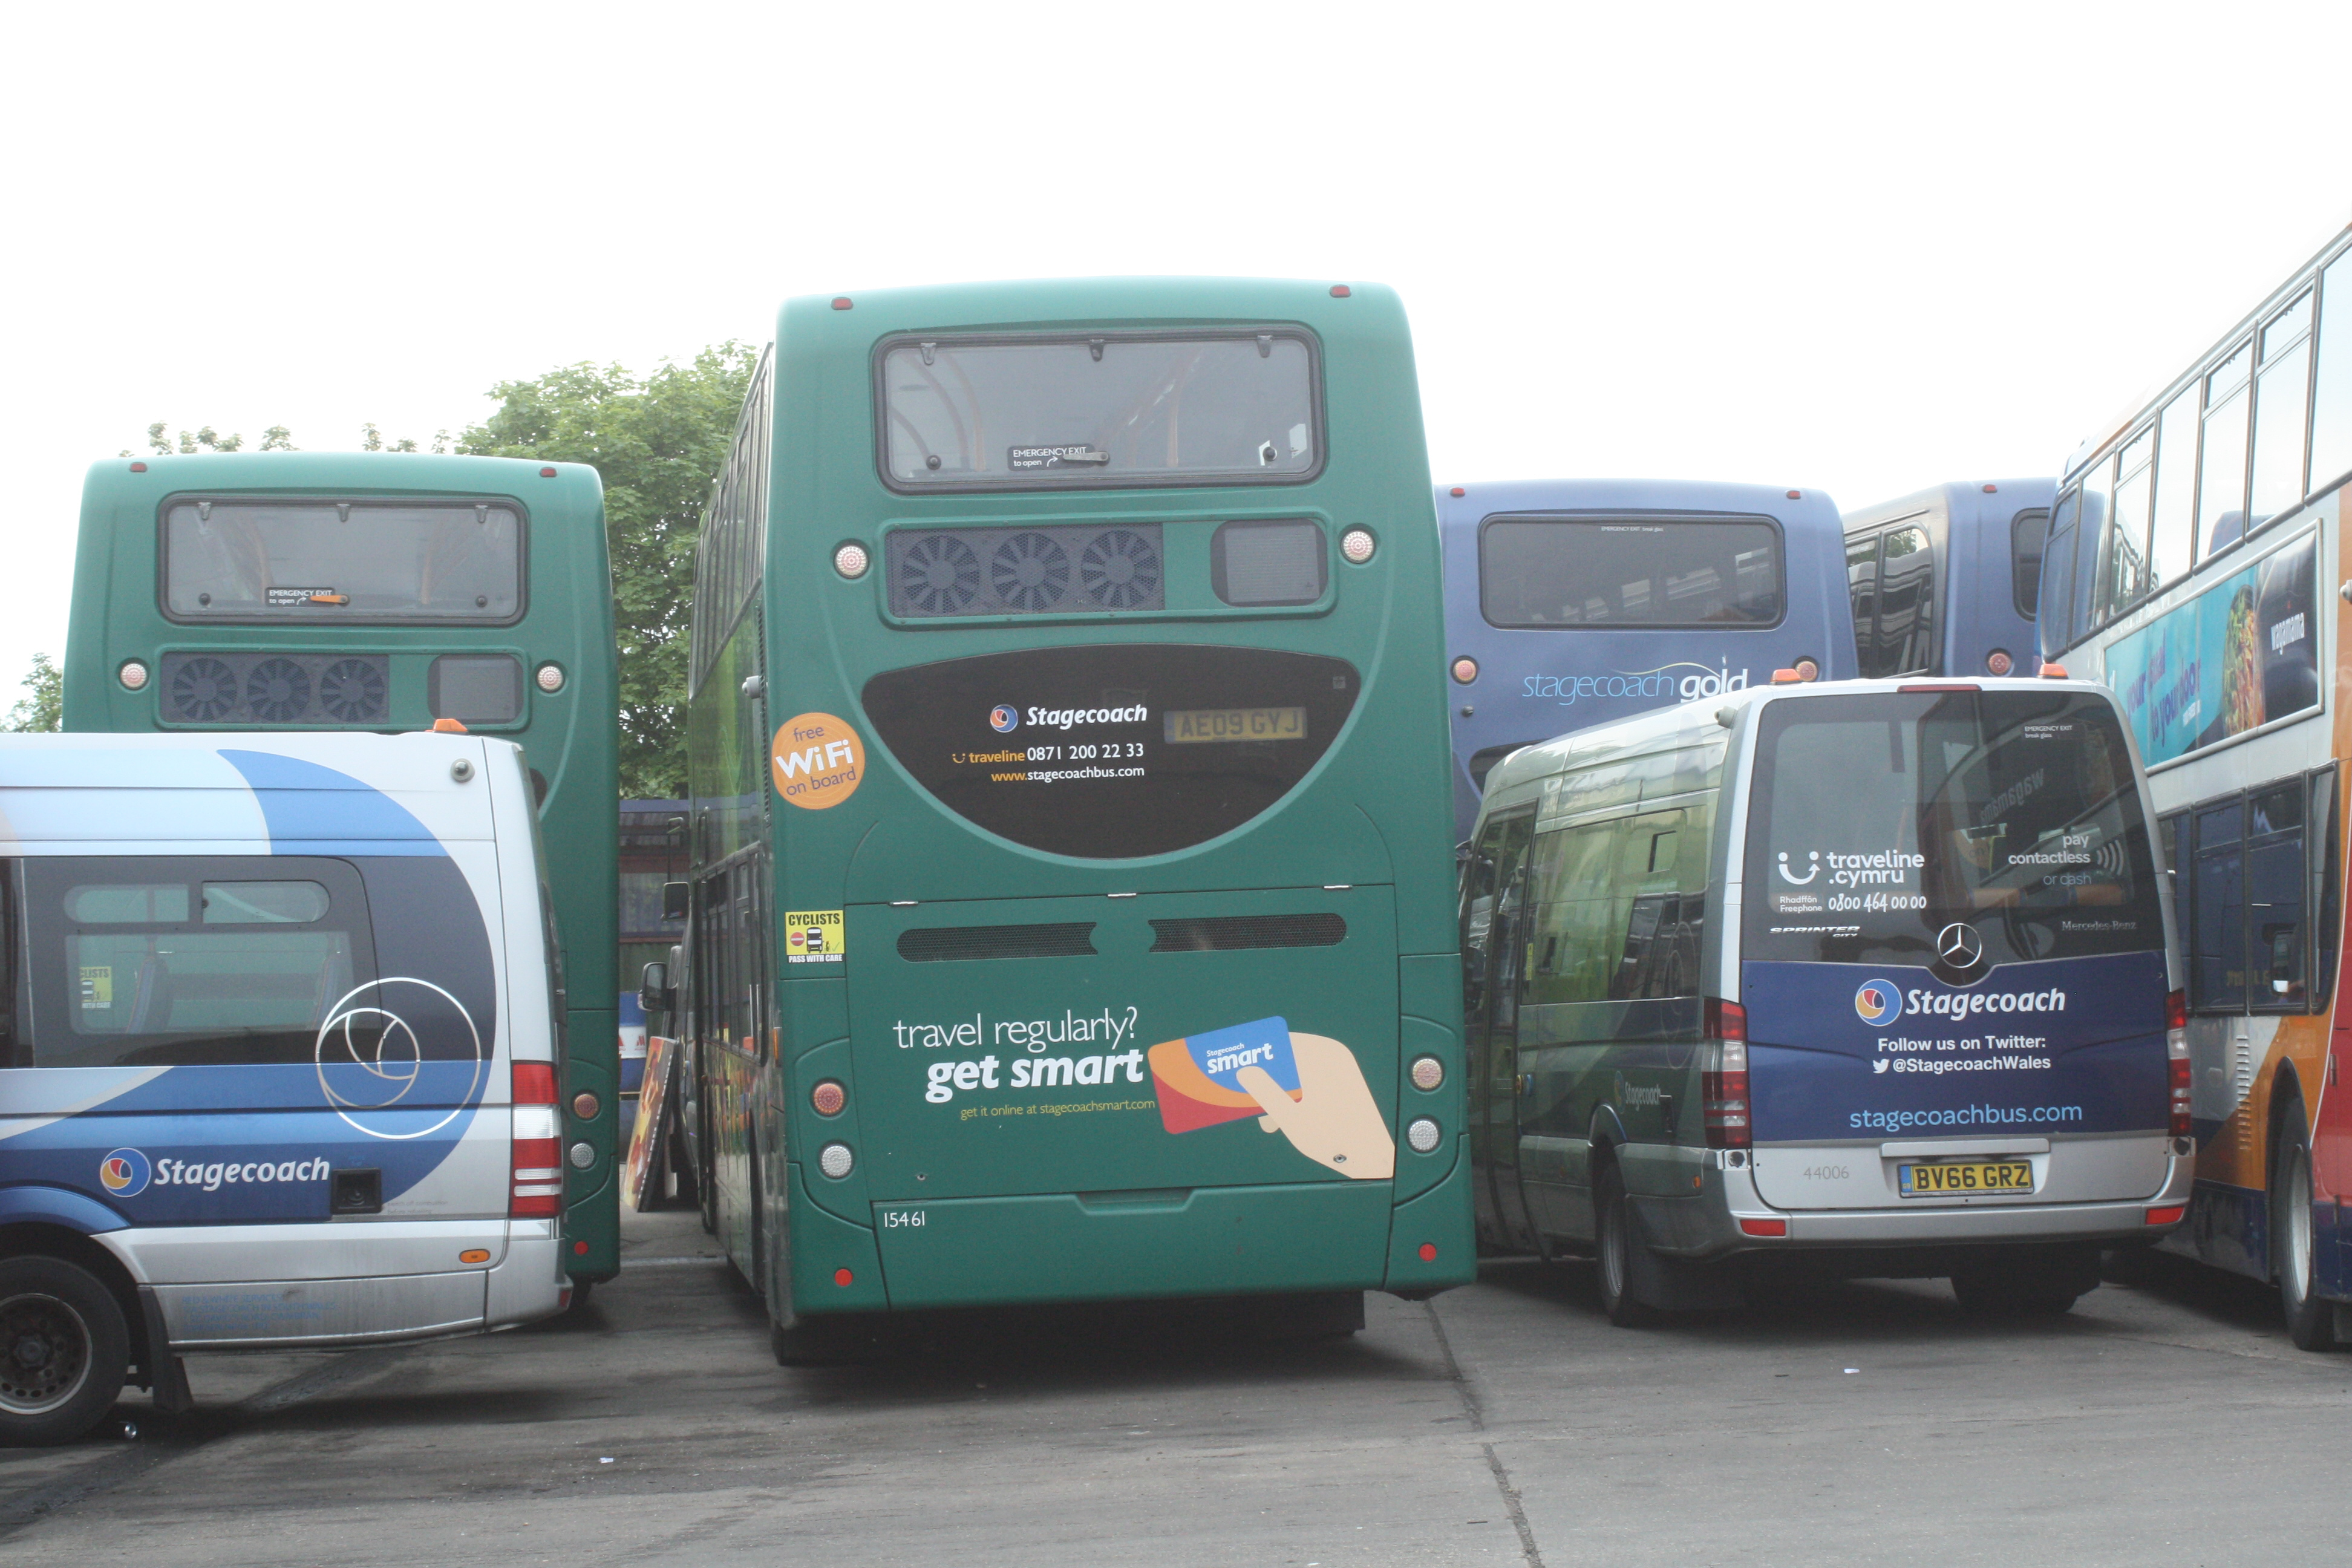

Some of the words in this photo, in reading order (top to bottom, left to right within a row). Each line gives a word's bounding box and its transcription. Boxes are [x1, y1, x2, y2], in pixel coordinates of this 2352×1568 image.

[1013, 447, 1067, 457] EMERGENCY
[2270, 612, 2305, 655] wagamama
[1521, 670, 1674, 706] stagecoach
[1679, 668, 1749, 704] gold
[1026, 704, 1148, 730] Stagecoach
[1180, 712, 1244, 737] AE09
[1250, 710, 1299, 734] GYJ
[793, 727, 825, 742] free
[776, 739, 854, 779] WiFi
[969, 750, 1025, 763] traveline
[1027, 746, 1062, 761] 0871
[1069, 745, 1097, 759] 200
[1102, 744, 1121, 758] 22
[1126, 743, 1144, 757] 33
[786, 783, 806, 795] on
[810, 766, 857, 790] board
[991, 766, 1145, 783] www.stagecoachbus.com
[2062, 835, 2089, 848] pay
[1826, 849, 1925, 869] traveline
[2008, 851, 2091, 864] contactless
[1828, 869, 1904, 889] .cymru
[2043, 875, 2056, 885] or
[2060, 872, 2092, 885] cash
[1780, 895, 1817, 904] Rhadffôn
[1780, 904, 1823, 913] Freephone
[1828, 893, 1861, 912] 0800
[1863, 892, 1888, 913] 464
[1891, 897, 1907, 909] 00
[1910, 896, 1927, 909] 00
[788, 913, 840, 926] CYCLISTS
[2061, 920, 2137, 931] Mercedes-Benz
[1905, 987, 2066, 1021] Stagecoach
[892, 1012, 983, 1048] travel
[994, 1005, 1138, 1053] regularly?
[1206, 1042, 1244, 1057] Stagecoach
[1878, 1037, 1932, 1052] Follow
[1936, 1038, 1956, 1051] us
[1960, 1037, 1981, 1050] on
[1984, 1034, 2046, 1049] Twitter:
[1207, 1043, 1274, 1074] smart
[1893, 1055, 2051, 1074] @StagecoachWales
[924, 1055, 999, 1103] get
[1010, 1049, 1143, 1088] smart
[1625, 1082, 1661, 1112] Stagecoach
[961, 1106, 978, 1121] get
[980, 1105, 988, 1117] it
[991, 1103, 1024, 1116] online
[1027, 1104, 1037, 1115] at
[1040, 1099, 1155, 1117] stagecoachsmart.com
[1849, 1103, 2083, 1132] stagecoachbus.com
[154, 1156, 330, 1192] Stagecoach
[1803, 1165, 1850, 1180] 44006
[1915, 1166, 1977, 1190] BV66
[1983, 1165, 2029, 1187] GRZ
[884, 1210, 926, 1227] 15461
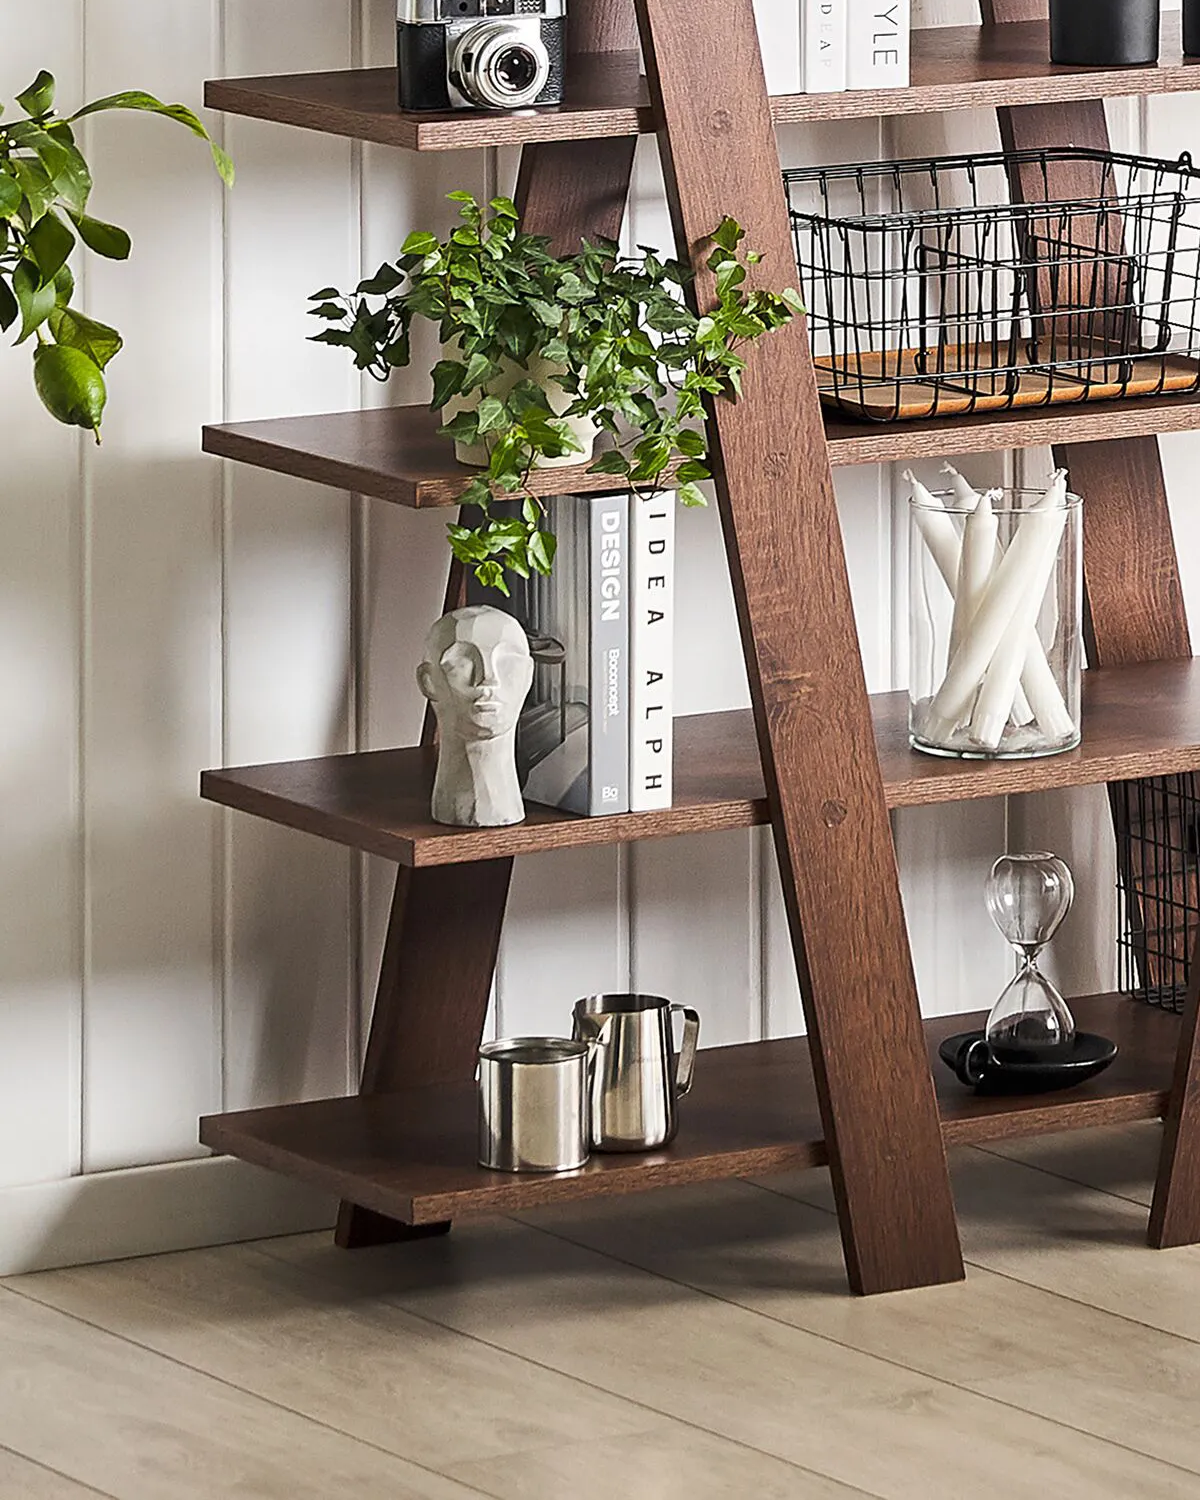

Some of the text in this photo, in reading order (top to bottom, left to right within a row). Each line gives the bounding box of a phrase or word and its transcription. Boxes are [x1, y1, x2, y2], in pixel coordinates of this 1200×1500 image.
○ ○ ○ ○ ○
Could the entries above be written out word for word, pictures excluded?

* **Task output**
Some of the words in this photo, in reading order (top to bottom, left to right within a row). Each line gives a word's bounding box and its transcription. Boxes are [x1, y1, x2, y2], in pixel coordinates of this 2352×1568 image.

[1013, 447, 1067, 457] EMERGENCY
[2270, 612, 2305, 655] wagamama
[1521, 670, 1674, 706] stagecoach
[1679, 668, 1749, 704] gold
[1026, 704, 1148, 730] Stagecoach
[1180, 712, 1244, 737] AE09
[1250, 710, 1299, 734] GYJ
[793, 727, 825, 742] free
[776, 739, 854, 779] WiFi
[969, 750, 1025, 763] traveline
[1027, 746, 1062, 761] 0871
[1069, 745, 1097, 759] 200
[1102, 744, 1121, 758] 22
[1126, 743, 1144, 757] 33
[786, 783, 806, 795] on
[810, 766, 857, 790] board
[991, 766, 1145, 783] www.stagecoachbus.com
[2062, 835, 2089, 848] pay
[1826, 849, 1925, 869] traveline
[2008, 851, 2091, 864] contactless
[1828, 869, 1904, 889] .cymru
[2043, 875, 2056, 885] or
[2060, 872, 2092, 885] cash
[1780, 895, 1817, 904] Rhadffôn
[1780, 904, 1823, 913] Freephone
[1828, 893, 1861, 912] 0800
[1863, 892, 1888, 913] 464
[1891, 897, 1907, 909] 00
[1910, 896, 1927, 909] 00
[788, 913, 840, 926] CYCLISTS
[2061, 920, 2137, 931] Mercedes-Benz
[1905, 987, 2066, 1021] Stagecoach
[892, 1012, 983, 1048] travel
[994, 1005, 1138, 1053] regularly?
[1206, 1042, 1244, 1057] Stagecoach
[1878, 1037, 1932, 1052] Follow
[1936, 1038, 1956, 1051] us
[1960, 1037, 1981, 1050] on
[1984, 1034, 2046, 1049] Twitter:
[1207, 1043, 1274, 1074] smart
[1893, 1055, 2051, 1074] @StagecoachWales
[924, 1055, 999, 1103] get
[1010, 1049, 1143, 1088] smart
[1625, 1082, 1661, 1112] Stagecoach
[961, 1106, 978, 1121] get
[980, 1105, 988, 1117] it
[991, 1103, 1024, 1116] online
[1027, 1104, 1037, 1115] at
[1040, 1099, 1155, 1117] stagecoachsmart.com
[1849, 1103, 2083, 1132] stagecoachbus.com
[154, 1156, 330, 1192] Stagecoach
[1803, 1165, 1850, 1180] 44006
[1915, 1166, 1977, 1190] BV66
[1983, 1165, 2029, 1187] GRZ
[884, 1210, 926, 1227] 15461

Some of the text in this photo, in reading order (top to bottom, left to right within a row). Each line gives the bounding box of a phrase or word and its transcription. Boxes are [x1, y1, x2, y2], in pixel coordinates of this 1200×1500 image.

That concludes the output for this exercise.